Japan has not signed the Treaty on the Prohibition of Nuclear Weapons, which is the first legally binding international agreement to prohibit nuclear weapons, Time Magazine reported.
Critics say this inaction is insincere on Japan’s part, but the country maintains that U.S. nuclear weapons keep the country safe, according to the International Campaign to Abolish Nuclear Weapons.
Some of the other countries to not sign the treaty include Australia, France, Germany, the U.S., the United Kingdom, North Korea, Pakistan, and Russia.
Hostile nations to Japan include North Korea, which is about 650 miles away from the island and is currently developing nuclear weapons.

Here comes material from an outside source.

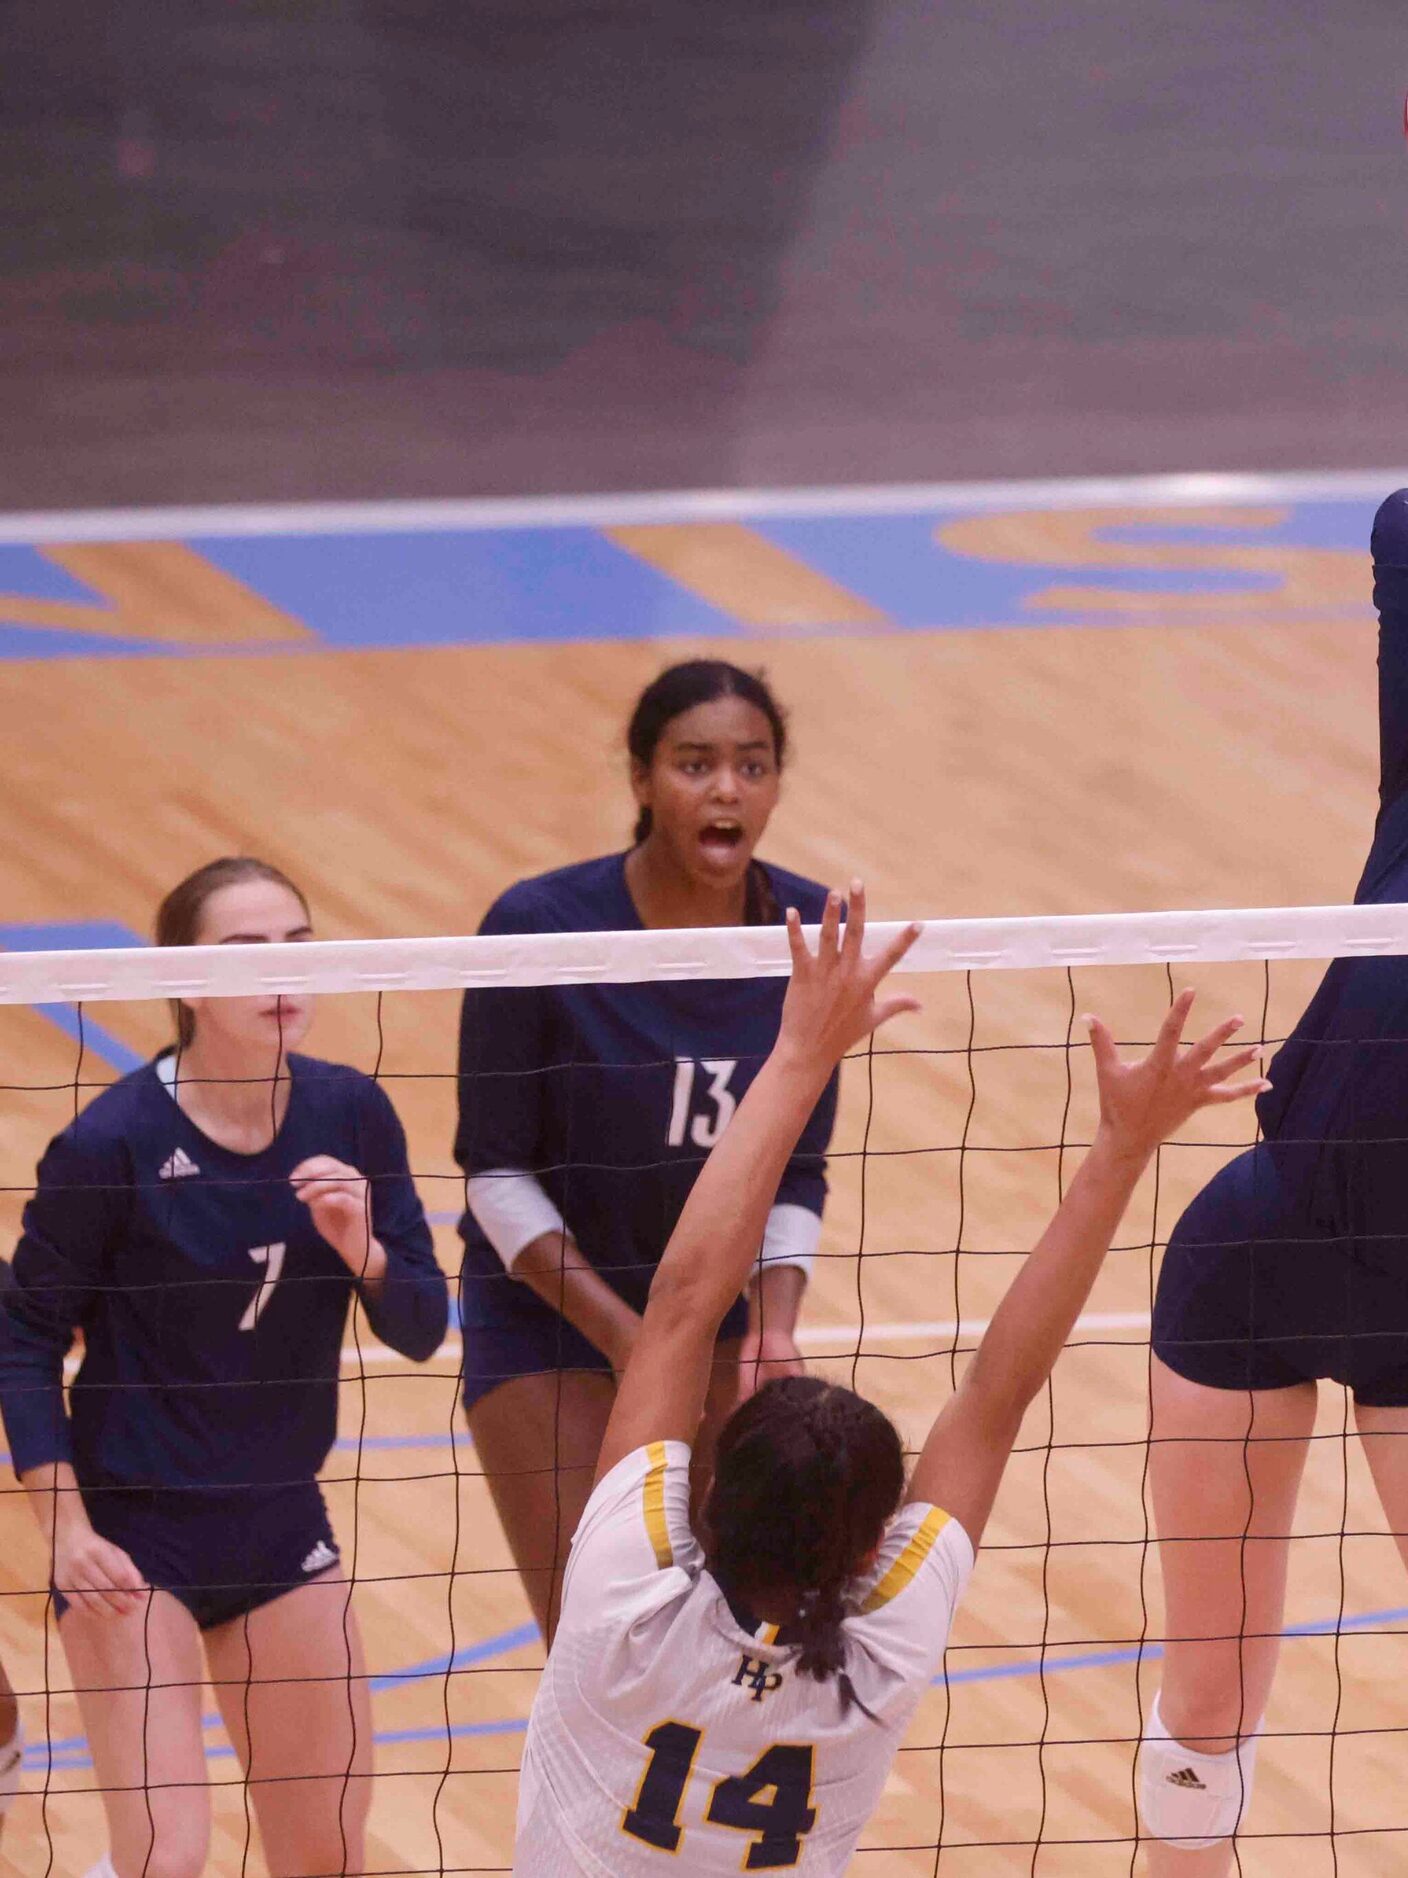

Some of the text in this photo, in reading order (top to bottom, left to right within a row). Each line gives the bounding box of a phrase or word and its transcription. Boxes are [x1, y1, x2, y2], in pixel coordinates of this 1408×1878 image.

North Korea said on Aug. 1 that it conducted a test of a “newly developed” missile system under the supervision of its leader, Kim Jong Un.
The system, as described by the state-owned Korean Central News Agency (KCNA), is a “large-caliber multiple launch guided rocket system,” NPR reported. The weapon could possibly hit targets nearby, including South Korea and U.S. military bases, although the report didn’t specifically mention either the U.S. or South Korea.
Other weapons tests conducted by North Korea include a short-range missile test on May 5 and a “tactical guided weapon” on April 17.
Russia is also conducting nuclear-capable missiles tests, with Russian President Vladimir Putin saying on Monday that Russia will develop more nuclear weapons if the U.S. does.
The U.S. formally left a nuclear treaty with Russia on Friday, stating the Russians had violated terms of the agreement, a claim which Russia denies.